╔══

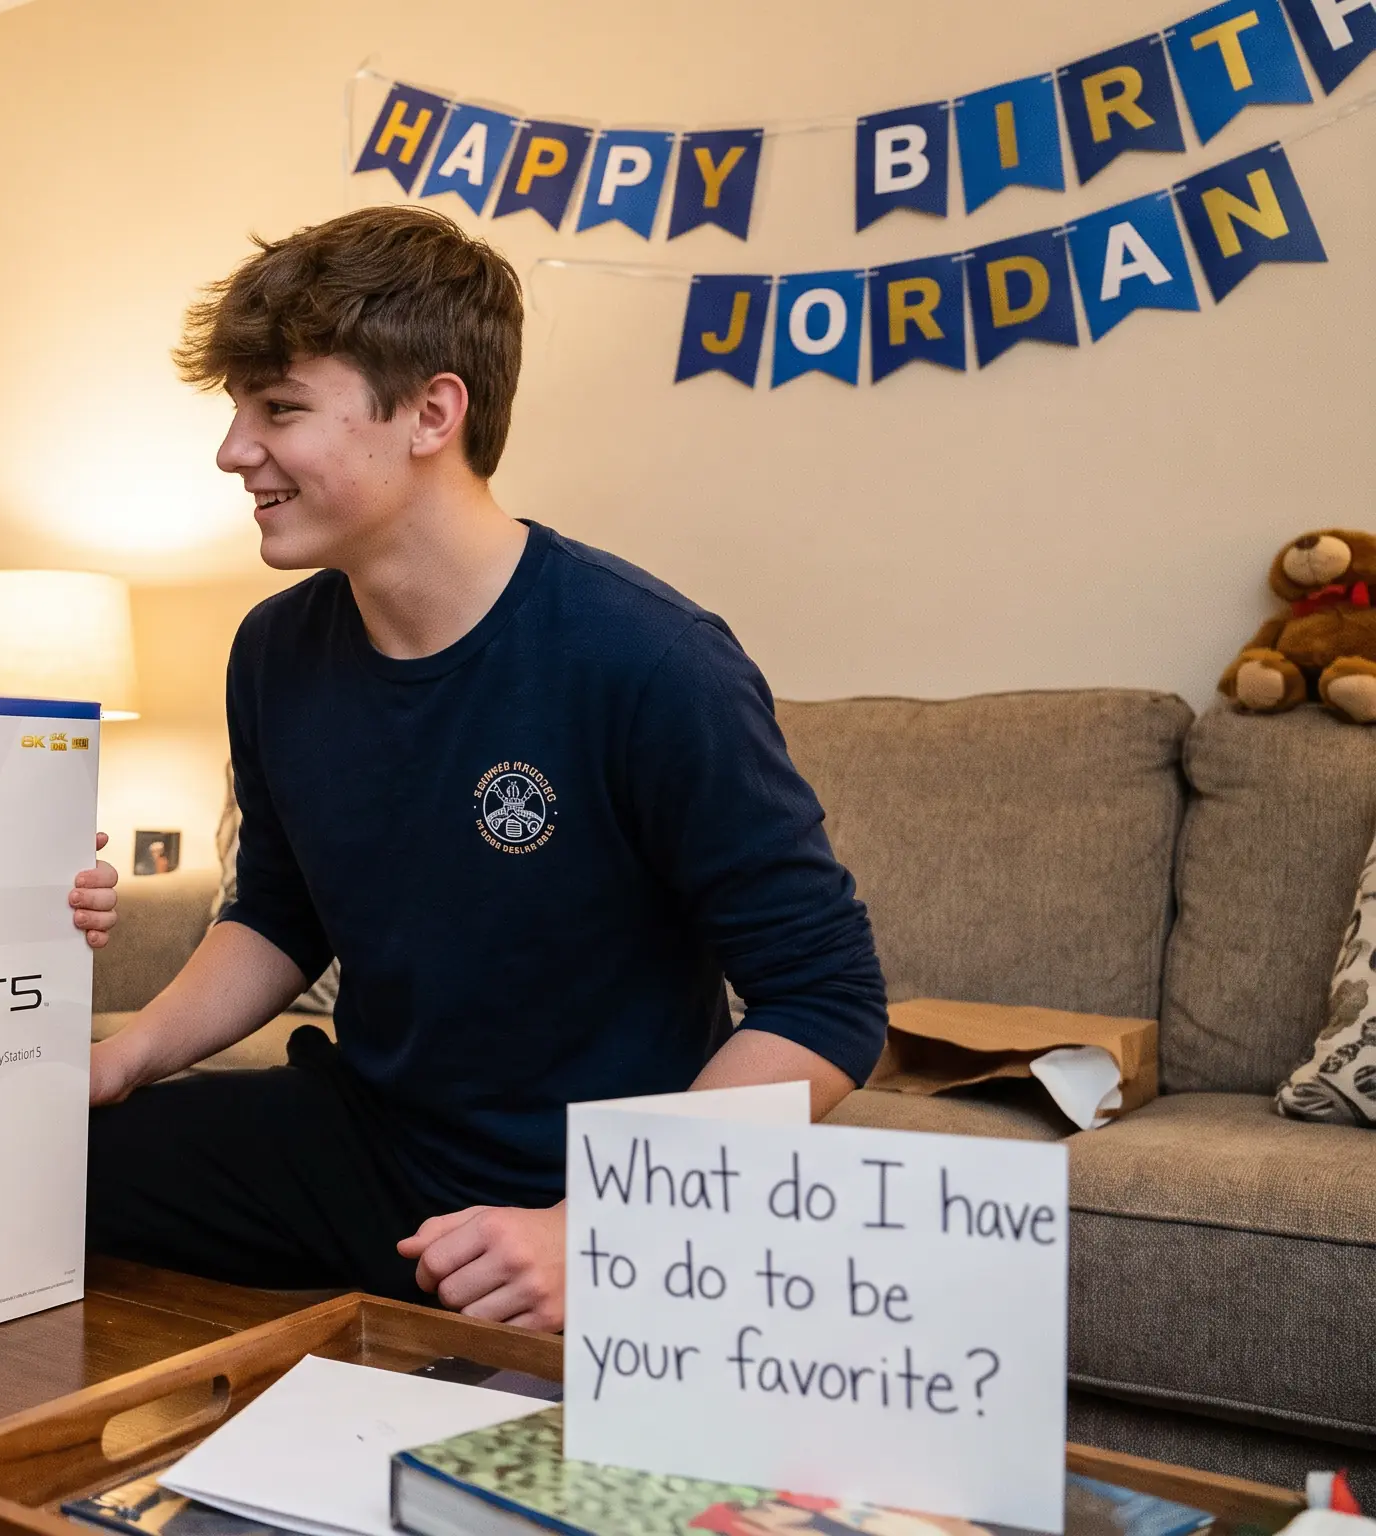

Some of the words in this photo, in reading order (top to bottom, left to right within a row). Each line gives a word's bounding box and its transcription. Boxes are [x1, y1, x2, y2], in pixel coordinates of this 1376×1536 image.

[374, 99, 747, 209] HAPPY
[700, 168, 1291, 356] JORDAN
[583, 1134, 740, 1213] What
[768, 1152, 836, 1221] do
[861, 1159, 905, 1229] I
[940, 1167, 1057, 1246] have
[580, 1228, 636, 1289] to
[664, 1240, 726, 1300] do
[756, 1249, 815, 1310] to
[848, 1257, 913, 1323] be
[582, 1335, 700, 1401] your
[727, 1326, 1000, 1418] favorite?

╚══

• **Work to complete**
From the first record to the last, restate everything exactly but omit the pictures.

• **Response area**
Some of the words in this photo, in reading order (top to bottom, left to right within a row). Each line gives a word's bounding box and its transcription. Boxes are [x1, y1, x2, y2], in pixel coordinates of this 1376×1536 image.

[374, 99, 747, 209] HAPPY
[700, 168, 1291, 356] JORDAN
[583, 1134, 740, 1213] What
[768, 1152, 836, 1221] do
[861, 1159, 905, 1229] I
[940, 1167, 1057, 1246] have
[580, 1228, 636, 1289] to
[664, 1240, 726, 1300] do
[756, 1249, 815, 1310] to
[848, 1257, 913, 1323] be
[582, 1335, 700, 1401] your
[727, 1326, 1000, 1418] favorite?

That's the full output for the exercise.